= Australian Dung Beetle Project =

Scientific research and biological control project

The Australian Dung Beetle Project (1965–1985), conceived and led by George Bornemissza of the Commonwealth Scientific and Industrial Research Organisation (CSIRO), was an international scientific research and biological control project using introduced species with the primary goal to control the polluting effects of cattle dung.

==Background and inception==
Upon his arrival to Australia from Hungary in 1951, Dr Bornemissza, an entomologist and ecologist, noted that Australian farmland was covered in a large number of cattle dung pads. This was in contrast to the fields of Europe where the dung was removed and recycled back into the soil by various species of dung beetle (coprids). Native Australian species of beetle had co-evolved alongside marsupials such as the kangaroo and wombat, which produce small, hard, dry and fibrous pellets of dung. Cattle were relatively recently introduced to Australia by European settlers with the First Fleet in 1788 carrying a small herd of two bulls and seven cows. In the early 1800's cattle production greatly increased.

Cattle produce large, soft, moist dung pads. Native beetles, with a few exceptions, are not adapted to utilise this type of dung as a food source or breeding ground and so without such fauna, the dung pads remain on the pasture and take months or even years to decompose. Cattle will not feed from the area of rank pasture surrounding the dung pad, and with the large quantity of dung produced (up to 12 pads per animal per day), this reduces the area of land available for cattle grazing by as much as 200000 ha per year. Cattle dung is also a primary breeding ground for several pestilent species of fly and parasitic worm. Bornemissza suggested in 1960 that the introduction to Australia of foreign dung beetle species, which had co-evolved alongside bovines and large herbivores, would be beneficial in removing the dung, thus improving cattle grazing and nutrient recycling and reducing the number of flies and worms.

== Aims of the project ==

The overall aim of the Australian Dung Beetle Project was to establish a "minifauna", that is, a subsection of the natural dung beetle fauna, of introduced dung beetles on the Australian mainland and in Tasmania. Once introduced, dung beetles in Australia were studied in order to determine their effects on:

- Soil quality
  Experiments were carried out in South Africa to assess the rate at which dung beetles returned dung to the soil to aid nutrient recycling.
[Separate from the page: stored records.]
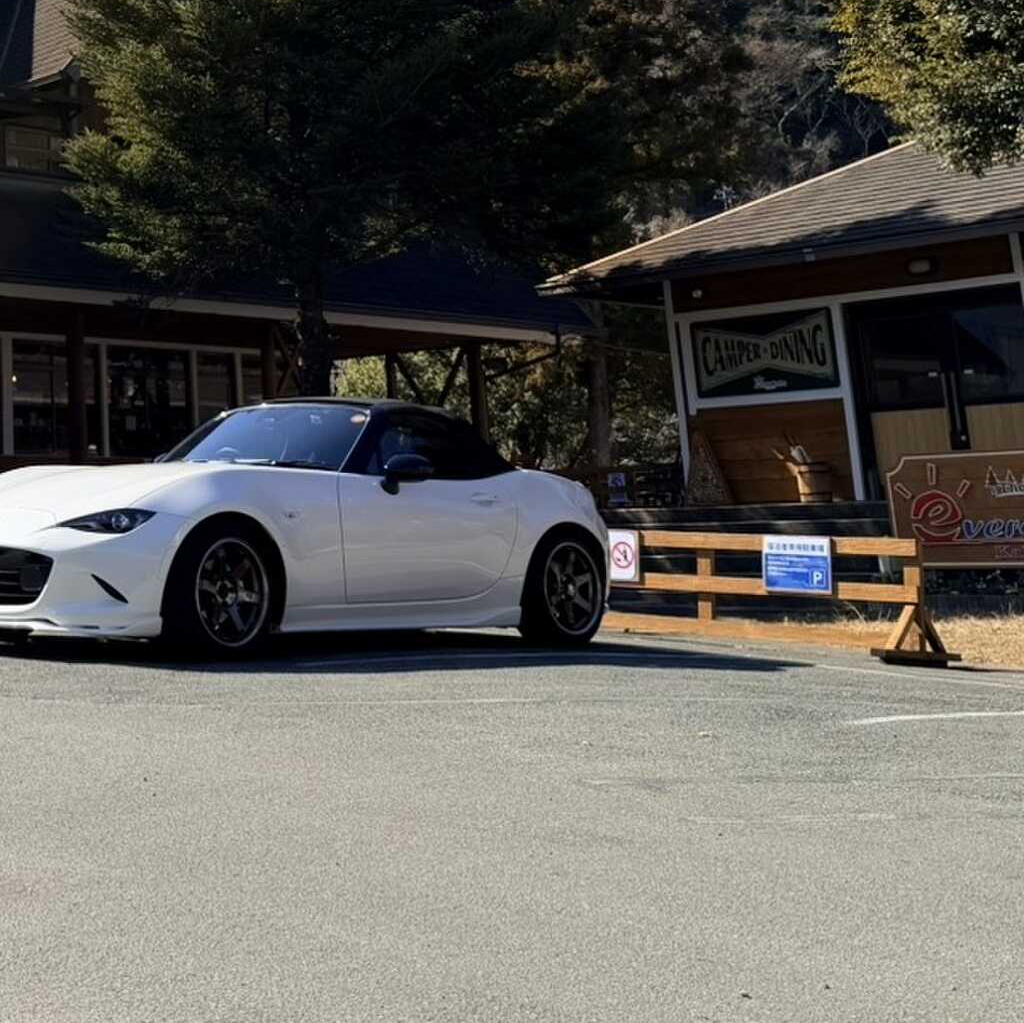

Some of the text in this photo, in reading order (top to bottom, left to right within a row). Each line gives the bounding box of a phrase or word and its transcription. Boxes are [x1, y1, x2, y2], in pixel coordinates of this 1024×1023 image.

[701, 323, 827, 377] CAMPER DINING
[812, 569, 824, 587] P
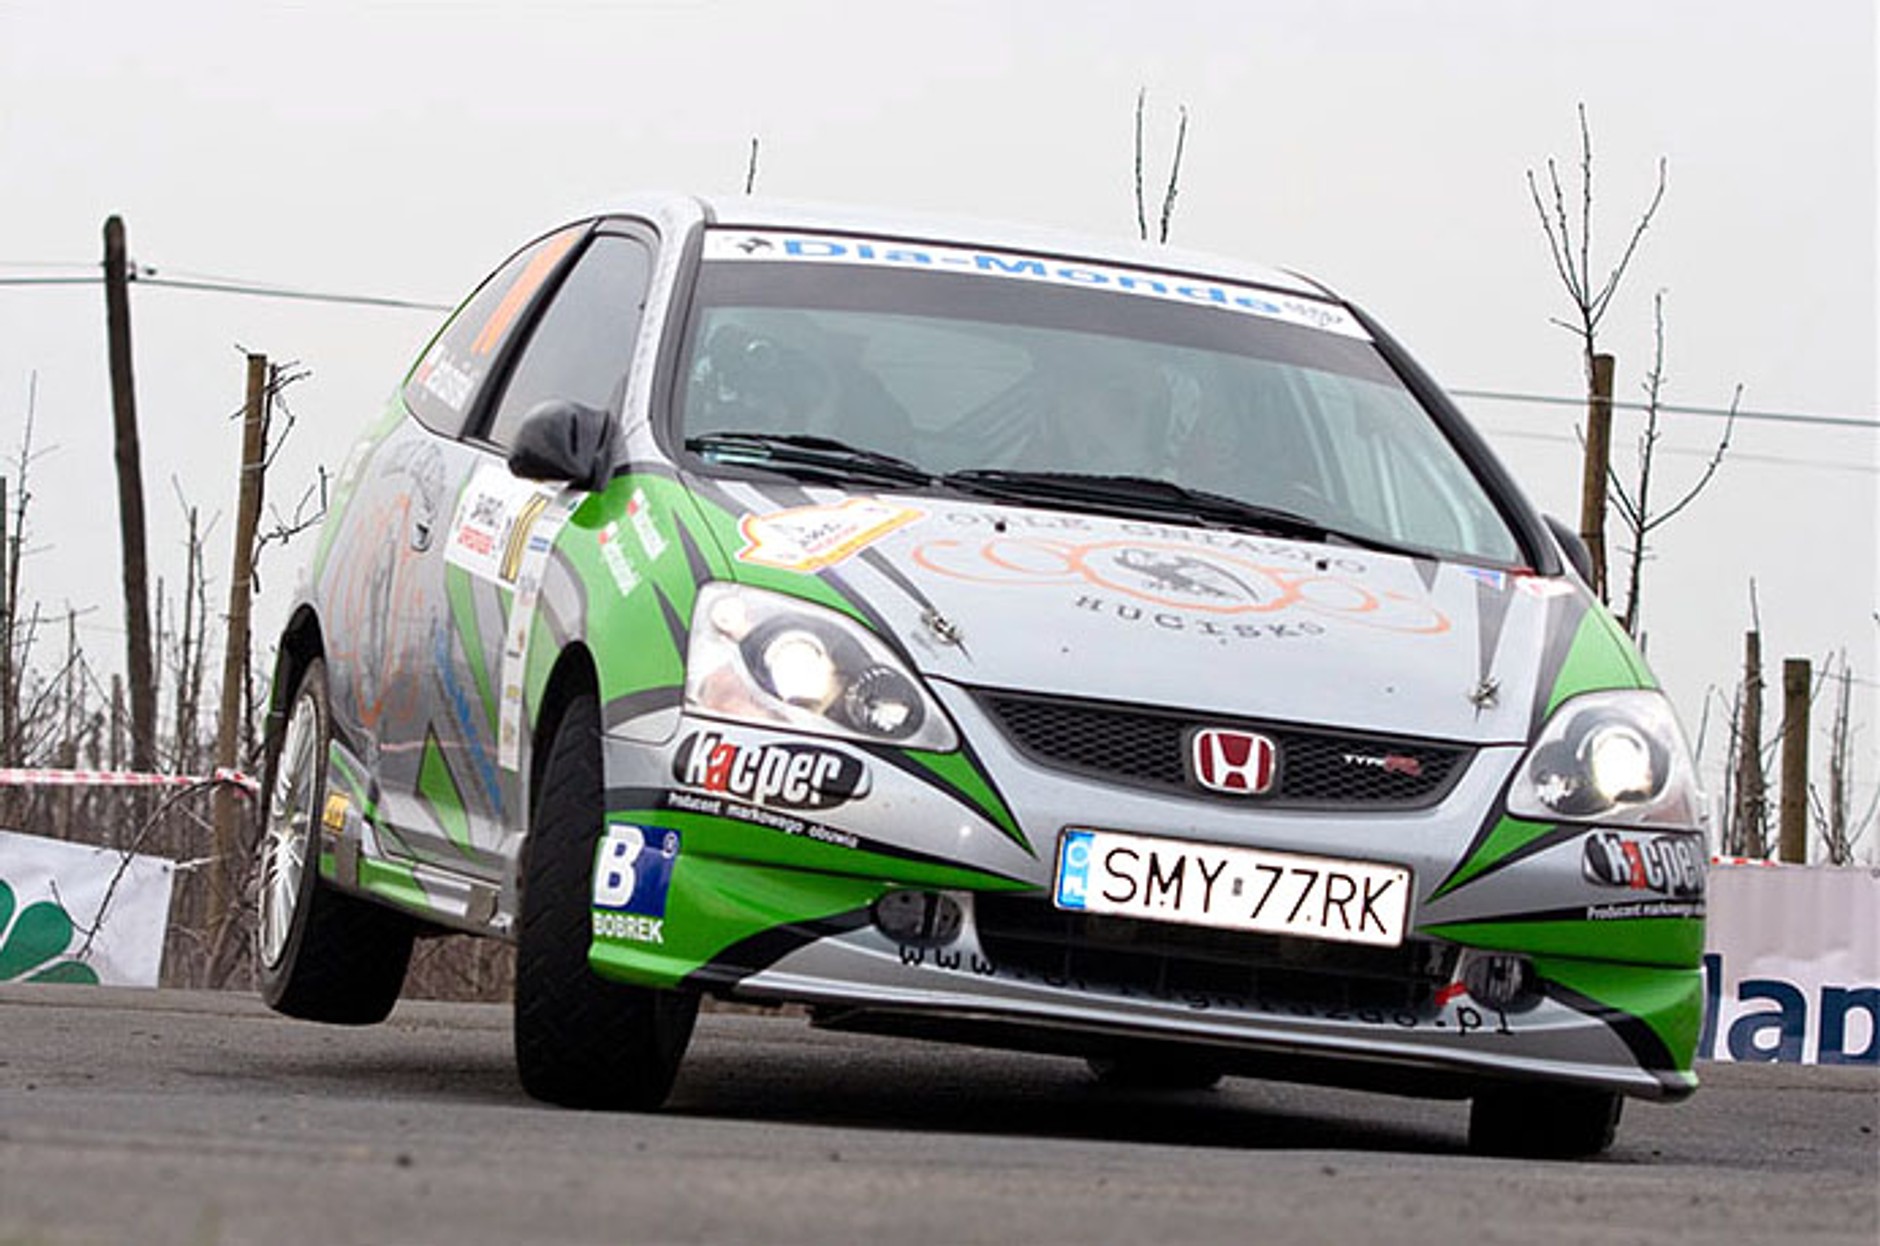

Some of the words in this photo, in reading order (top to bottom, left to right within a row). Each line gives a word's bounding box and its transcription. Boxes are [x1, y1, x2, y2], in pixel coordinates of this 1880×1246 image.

[1075, 595, 1326, 637] HUCISKO
[1102, 847, 1228, 914] SMY
[1249, 863, 1396, 936] 77RK
[592, 912, 665, 944] BOBREK
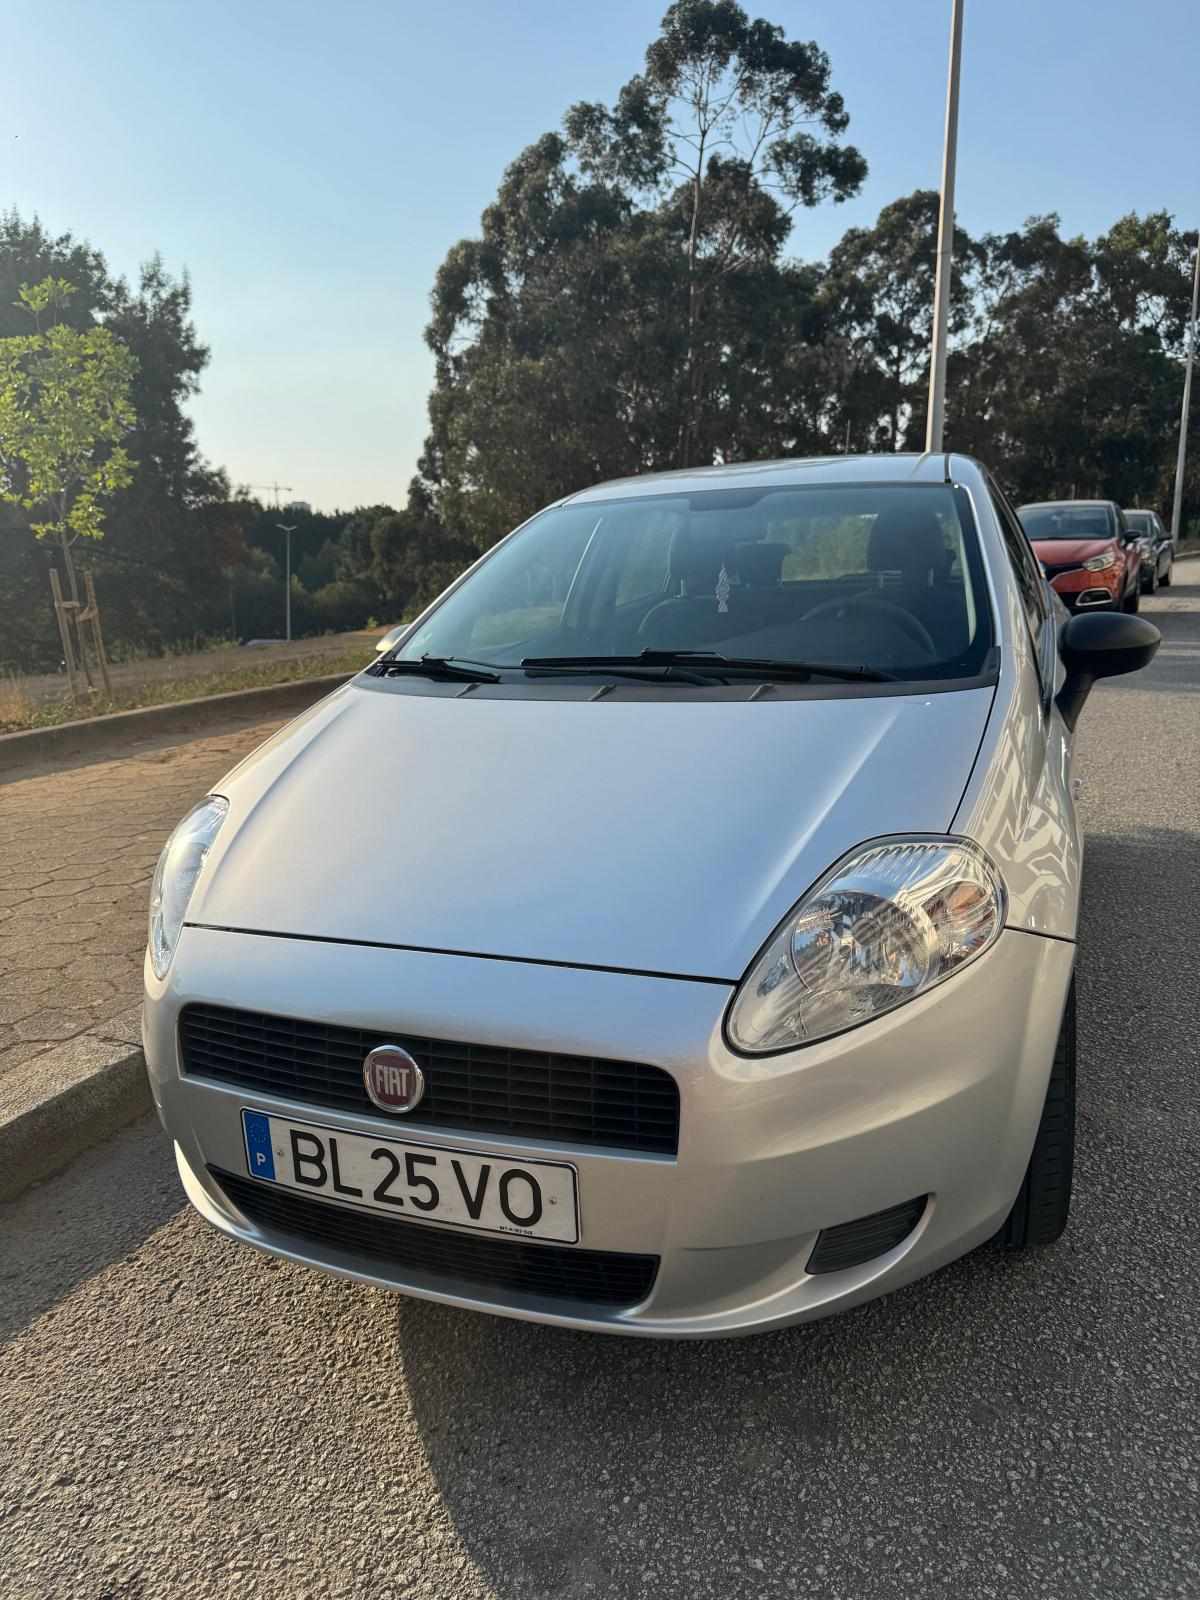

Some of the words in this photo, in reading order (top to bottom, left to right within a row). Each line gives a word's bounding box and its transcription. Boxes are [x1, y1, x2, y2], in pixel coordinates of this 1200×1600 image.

It was found that dung beetles returned over 90% of the faecal nitrogen excreted by each steer during the summer grazing season. Further experiments showed that the uptake of the essential minerals nitrogen, phosphorus and sulphur in plants was over 80% greater in soils where dung beetles were active compared to those where they were not. In addition, tunnelling dung beetles assist root penetration and improve water infiltration to the soil, thereby reducing runoff which can lead to the pollution of waterways

- Fly control
  Introducing dung beetles as a means to control fly populations was first utilised in Hawaii as a biological control against the horn fly (Haematobia irritans irritans). It was found that 96% fewer flies emerged from dung pads in open pastures with a dung beetle fauna in Hawaii compared to controls. It was surmised that the introduction of dung beetles to Australia would also have a reducing effect on the number of bush flies (Musca vetustissima) and the blood-sucking buffalo fly (Haematobia irritans exigua). In addition to dung beetles, predacious beetles of the Histerid family, which are less sensitive to changes in soil moisture, were introduced to Australia as another means of controlling fly populations during periods of relative inactivity by dung beetles. However, these beetles were found to make little difference to the abundance of flies, so their introduction was discontinued in 1971.

- Worm control
  In experiments in Pretoria, dung beetles were shown to be effective at controlling infective worm populations breeding in dung. The activity of a complex of at least 20 species of coprid in cattle and sheep dung produced an average reduction of 85% of worms.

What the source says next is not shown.